I hope you already know how to allow NFS from proxmox host server. if not, you may read my earlier post:

NFS fix on LXC Host Server

The fix works for Proxmox 4.x

I was actually receiving a error like below:

# mount -t nfsd nfsd /proc/fs/nfsd
mount: nfsd is write-protected, mounting read-only
mount: cannot mount nfsd read-only

My proxmox edition was 5.0-30 and my CentOS was 7.

However, this is a bit different rather looking the other one as mentioned above. I was experiencing connecting my Centos 7 LXC container to a NFS server in the network. The regular tweak didn’t work. So, had to spend a while googling the solution. Found the correct one on a forum thread. But eventually it worked. For this you need to edit the file

nano /etc/pve/lxc/<your container ID>.conf

Add the below line in the conf file:

lxc.aa_profile: unconfined

Reboot the container. And now try to connect the NFS server.
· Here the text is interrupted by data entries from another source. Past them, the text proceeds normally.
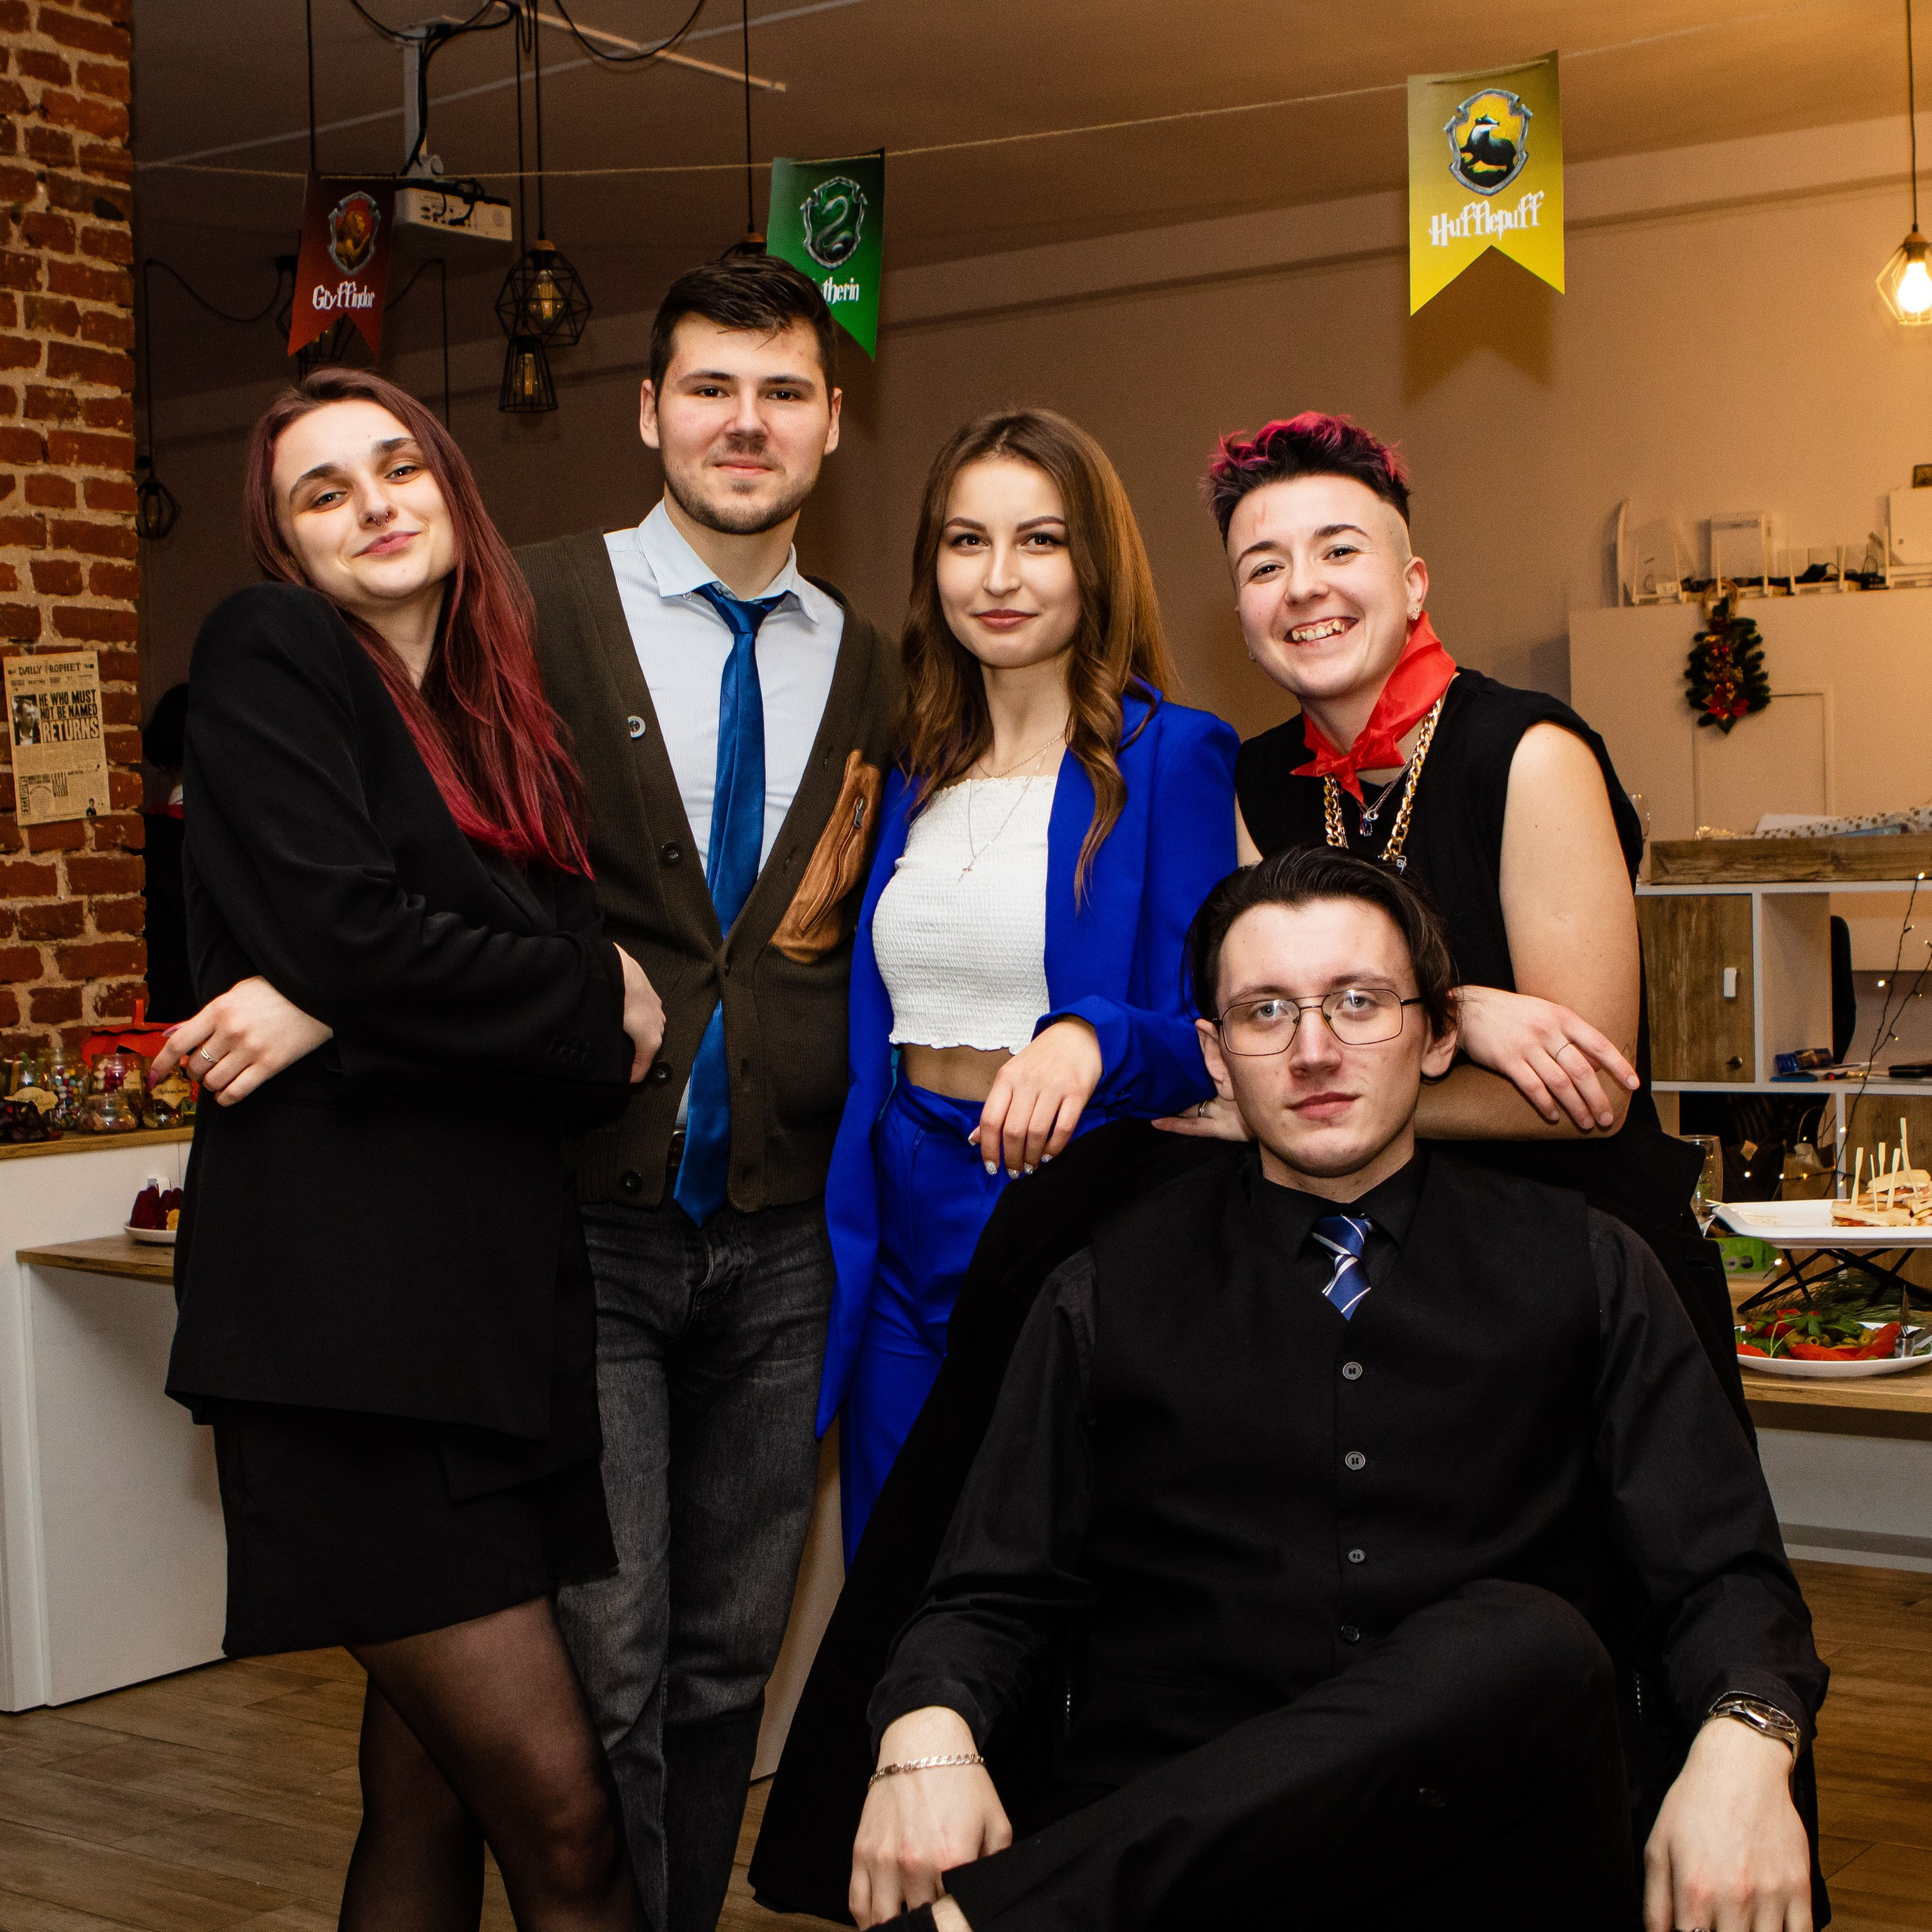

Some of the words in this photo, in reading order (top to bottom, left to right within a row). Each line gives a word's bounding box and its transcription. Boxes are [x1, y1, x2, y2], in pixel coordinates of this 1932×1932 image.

[1429, 190, 1545, 246] Hufflepuff
[312, 281, 375, 310] Gryffindor
[821, 276, 860, 305] therin
[18, 665, 42, 675] DAILY
[45, 662, 82, 673] PROPHET
[38, 693, 48, 706] HE
[50, 691, 69, 706] WHO
[71, 688, 96, 705] MUST
[40, 707, 54, 720] NOT
[57, 706, 66, 718] BE
[68, 703, 98, 718] NAMED
[42, 716, 100, 743] RETURNS
It should work.

For Proxmox 5 a little re-worked edition:

First run

cp /etc/apparmor.d/lxc/lxc-default-cgns /etc/apparmor.d/lxc/lxc-default-with-nfs

Then edit the new file /etc/apparmor.d/lxc/lxc-default-with-nfs:
replace profile lxc-container-default-cgns by profile lxc-default-with-nfs put the NFS configuration (see below) just before the closing bracket (})

NFS configuration

mount fstype=nfs*,
mount fstype=rpc_pipefs,

or (being more explicit)

mount fstype=nfs,
mount fstype=nfs4,
mount fstype=nfsd,
mount fstype=rpc_pipefs,

and finally run

service apparmor reload

Use the new profile (Earlier to PVE 6.x)
Edit /etc/pve/lxc/${container_id}.conf and append this line:

lxc.apparmor.profile: lxc-container-default-with-nfs

Use the new profile (Earlier to PVE 6.x)
Edit /etc/pve/lxc/${container_id}.conf and append this line:

lxc.apparmor.profile: lxc-default-with-nfs

Then stop the container and start it again, e.g. like this:

pct stop ${container_id} && pct start ${container_id}

Now mounting NFS shares should work.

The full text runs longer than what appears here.